▶ _TASK DIRECTIONS_:
A verbatim copy of the lines from the one with "this 1500×1125 image." through the final line below is required; print it and nothing else.

▶ _RECORDED INFORMATION_:
........
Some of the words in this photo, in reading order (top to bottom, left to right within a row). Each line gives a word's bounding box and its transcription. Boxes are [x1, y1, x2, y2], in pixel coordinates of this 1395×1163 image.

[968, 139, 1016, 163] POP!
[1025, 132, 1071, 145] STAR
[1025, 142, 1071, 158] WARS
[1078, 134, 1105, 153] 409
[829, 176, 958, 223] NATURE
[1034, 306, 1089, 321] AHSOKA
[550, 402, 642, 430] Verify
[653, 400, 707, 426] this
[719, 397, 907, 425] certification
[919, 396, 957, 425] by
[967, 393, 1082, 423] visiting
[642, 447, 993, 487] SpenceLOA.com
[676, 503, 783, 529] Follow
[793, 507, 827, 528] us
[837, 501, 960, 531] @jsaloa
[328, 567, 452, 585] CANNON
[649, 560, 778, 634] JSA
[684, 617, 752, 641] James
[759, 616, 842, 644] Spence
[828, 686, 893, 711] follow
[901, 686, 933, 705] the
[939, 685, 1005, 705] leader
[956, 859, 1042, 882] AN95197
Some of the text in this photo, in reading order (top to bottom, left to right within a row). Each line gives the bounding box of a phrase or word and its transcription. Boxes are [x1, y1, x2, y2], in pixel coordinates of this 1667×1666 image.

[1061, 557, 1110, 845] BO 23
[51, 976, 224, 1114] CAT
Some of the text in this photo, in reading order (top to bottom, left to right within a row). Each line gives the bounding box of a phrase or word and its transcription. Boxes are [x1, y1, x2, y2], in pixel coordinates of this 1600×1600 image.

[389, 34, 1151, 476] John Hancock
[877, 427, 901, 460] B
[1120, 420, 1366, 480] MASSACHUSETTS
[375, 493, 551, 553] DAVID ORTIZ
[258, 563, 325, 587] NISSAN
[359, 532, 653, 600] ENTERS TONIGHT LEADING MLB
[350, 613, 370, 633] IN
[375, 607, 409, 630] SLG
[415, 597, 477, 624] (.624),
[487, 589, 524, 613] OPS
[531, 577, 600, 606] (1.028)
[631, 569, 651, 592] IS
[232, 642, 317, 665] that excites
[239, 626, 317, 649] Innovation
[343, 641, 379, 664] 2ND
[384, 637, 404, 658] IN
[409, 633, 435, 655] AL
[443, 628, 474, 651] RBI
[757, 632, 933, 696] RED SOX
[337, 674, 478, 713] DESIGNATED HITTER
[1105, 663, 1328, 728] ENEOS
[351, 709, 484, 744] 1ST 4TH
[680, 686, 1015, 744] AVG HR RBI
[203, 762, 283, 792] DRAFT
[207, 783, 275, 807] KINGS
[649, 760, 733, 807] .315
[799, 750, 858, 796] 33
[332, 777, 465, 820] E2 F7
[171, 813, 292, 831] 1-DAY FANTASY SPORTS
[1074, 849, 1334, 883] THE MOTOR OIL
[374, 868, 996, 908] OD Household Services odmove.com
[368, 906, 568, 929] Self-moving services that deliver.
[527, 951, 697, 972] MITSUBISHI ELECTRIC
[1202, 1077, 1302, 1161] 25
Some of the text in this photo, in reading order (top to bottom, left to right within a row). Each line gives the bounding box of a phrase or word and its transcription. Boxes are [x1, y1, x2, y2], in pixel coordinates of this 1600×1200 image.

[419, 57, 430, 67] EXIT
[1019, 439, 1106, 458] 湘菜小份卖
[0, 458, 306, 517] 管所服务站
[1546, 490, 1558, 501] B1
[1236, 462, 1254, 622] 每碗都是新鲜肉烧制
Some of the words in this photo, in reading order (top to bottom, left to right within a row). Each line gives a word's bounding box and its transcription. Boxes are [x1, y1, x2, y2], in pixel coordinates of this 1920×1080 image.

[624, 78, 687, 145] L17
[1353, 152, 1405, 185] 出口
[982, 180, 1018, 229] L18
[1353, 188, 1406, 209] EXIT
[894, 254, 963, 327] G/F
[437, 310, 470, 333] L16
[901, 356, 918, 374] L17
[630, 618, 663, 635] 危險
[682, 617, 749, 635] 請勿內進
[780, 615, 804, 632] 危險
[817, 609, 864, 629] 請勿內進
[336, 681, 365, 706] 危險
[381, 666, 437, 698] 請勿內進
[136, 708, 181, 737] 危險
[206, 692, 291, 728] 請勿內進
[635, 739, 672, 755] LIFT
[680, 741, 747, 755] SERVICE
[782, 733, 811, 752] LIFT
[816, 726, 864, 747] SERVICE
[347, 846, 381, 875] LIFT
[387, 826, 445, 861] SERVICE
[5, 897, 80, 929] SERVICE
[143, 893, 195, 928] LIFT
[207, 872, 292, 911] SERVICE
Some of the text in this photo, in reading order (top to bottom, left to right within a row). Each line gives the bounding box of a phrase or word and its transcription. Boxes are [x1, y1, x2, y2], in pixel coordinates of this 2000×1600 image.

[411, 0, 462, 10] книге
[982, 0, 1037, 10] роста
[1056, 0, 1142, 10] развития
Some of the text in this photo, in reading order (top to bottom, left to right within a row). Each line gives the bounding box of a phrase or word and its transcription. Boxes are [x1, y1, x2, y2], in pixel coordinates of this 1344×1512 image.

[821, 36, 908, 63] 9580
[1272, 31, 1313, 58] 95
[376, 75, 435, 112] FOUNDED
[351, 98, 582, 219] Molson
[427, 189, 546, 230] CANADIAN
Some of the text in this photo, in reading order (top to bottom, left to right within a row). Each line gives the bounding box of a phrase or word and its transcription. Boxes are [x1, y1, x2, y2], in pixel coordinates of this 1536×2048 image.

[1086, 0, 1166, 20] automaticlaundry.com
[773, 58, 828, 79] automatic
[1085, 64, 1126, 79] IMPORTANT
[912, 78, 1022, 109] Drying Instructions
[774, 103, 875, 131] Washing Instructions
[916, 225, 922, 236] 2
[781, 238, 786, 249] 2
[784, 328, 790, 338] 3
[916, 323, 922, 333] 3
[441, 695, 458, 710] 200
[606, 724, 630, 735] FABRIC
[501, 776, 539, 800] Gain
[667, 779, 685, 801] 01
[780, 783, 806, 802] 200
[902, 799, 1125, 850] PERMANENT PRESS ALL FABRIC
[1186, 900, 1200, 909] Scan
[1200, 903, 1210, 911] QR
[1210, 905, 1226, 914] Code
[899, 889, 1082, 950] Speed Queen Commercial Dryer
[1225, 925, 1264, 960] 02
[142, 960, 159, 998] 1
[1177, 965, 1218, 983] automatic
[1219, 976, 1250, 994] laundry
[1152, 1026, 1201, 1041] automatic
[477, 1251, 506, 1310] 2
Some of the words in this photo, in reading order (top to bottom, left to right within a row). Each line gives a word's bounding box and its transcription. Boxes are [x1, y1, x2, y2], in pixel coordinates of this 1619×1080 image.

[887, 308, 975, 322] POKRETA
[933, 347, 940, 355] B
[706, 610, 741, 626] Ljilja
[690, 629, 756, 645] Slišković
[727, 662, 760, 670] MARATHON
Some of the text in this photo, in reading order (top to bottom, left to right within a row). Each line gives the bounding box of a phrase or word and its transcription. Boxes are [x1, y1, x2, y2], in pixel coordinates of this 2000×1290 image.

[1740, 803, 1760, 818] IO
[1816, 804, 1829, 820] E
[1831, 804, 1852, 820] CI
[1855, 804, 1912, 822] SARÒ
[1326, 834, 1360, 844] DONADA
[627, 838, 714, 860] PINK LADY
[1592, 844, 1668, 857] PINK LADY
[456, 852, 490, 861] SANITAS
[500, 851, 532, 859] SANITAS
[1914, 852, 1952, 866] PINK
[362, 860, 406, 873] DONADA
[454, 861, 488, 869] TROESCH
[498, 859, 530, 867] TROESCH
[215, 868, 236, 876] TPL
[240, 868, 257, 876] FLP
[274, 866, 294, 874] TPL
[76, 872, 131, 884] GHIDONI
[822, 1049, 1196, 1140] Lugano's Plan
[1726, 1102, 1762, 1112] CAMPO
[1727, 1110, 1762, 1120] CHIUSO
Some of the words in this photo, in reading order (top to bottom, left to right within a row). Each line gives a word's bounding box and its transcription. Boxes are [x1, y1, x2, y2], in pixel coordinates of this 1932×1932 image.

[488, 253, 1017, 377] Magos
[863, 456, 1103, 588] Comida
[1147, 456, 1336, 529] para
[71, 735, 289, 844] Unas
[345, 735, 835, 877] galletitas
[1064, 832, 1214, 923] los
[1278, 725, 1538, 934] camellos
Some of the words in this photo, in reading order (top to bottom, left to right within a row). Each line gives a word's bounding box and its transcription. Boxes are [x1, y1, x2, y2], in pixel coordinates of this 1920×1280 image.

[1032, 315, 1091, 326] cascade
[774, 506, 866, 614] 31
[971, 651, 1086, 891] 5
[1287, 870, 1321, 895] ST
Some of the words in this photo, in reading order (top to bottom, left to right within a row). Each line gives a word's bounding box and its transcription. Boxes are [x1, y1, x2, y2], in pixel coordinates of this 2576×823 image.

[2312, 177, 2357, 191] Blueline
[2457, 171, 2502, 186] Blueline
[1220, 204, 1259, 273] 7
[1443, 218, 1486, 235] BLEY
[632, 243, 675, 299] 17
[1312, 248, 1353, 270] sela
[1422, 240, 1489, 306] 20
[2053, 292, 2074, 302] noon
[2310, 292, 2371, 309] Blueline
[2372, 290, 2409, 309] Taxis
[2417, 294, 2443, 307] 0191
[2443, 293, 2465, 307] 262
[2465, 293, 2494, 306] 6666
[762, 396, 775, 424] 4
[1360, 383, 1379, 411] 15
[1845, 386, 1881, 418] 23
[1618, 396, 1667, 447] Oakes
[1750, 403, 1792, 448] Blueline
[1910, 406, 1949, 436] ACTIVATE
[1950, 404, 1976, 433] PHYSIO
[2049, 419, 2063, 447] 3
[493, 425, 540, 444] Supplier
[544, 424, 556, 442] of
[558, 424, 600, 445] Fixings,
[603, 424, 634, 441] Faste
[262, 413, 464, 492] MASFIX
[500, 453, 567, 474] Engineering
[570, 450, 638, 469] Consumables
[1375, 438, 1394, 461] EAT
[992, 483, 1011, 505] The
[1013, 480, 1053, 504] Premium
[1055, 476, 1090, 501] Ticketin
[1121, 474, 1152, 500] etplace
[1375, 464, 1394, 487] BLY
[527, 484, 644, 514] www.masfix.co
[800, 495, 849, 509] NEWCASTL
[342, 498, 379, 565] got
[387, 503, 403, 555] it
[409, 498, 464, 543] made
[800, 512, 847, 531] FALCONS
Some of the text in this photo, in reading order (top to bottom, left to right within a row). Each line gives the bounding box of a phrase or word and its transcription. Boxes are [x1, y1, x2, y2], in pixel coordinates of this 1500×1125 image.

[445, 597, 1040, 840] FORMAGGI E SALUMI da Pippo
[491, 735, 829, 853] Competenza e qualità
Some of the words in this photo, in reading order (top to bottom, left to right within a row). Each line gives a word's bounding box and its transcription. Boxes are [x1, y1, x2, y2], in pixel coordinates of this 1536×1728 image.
........
▶ _ANSWER TO THE PROBLEM_:
Some of the text in this photo, in reading order (top to bottom, left to right within a row). Each line gives the bounding box of a phrase or word and its transcription. Boxes are [x1, y1, x2, y2], in pixel coordinates of this 1500×1125 image.

[445, 597, 1040, 840] FORMAGGI E SALUMI da Pippo
[491, 735, 829, 853] Competenza e qualità
Some of the words in this photo, in reading order (top to bottom, left to right within a row). Each line gives a word's bounding box and its transcription. Boxes are [x1, y1, x2, y2], in pixel coordinates of this 1536×1728 image.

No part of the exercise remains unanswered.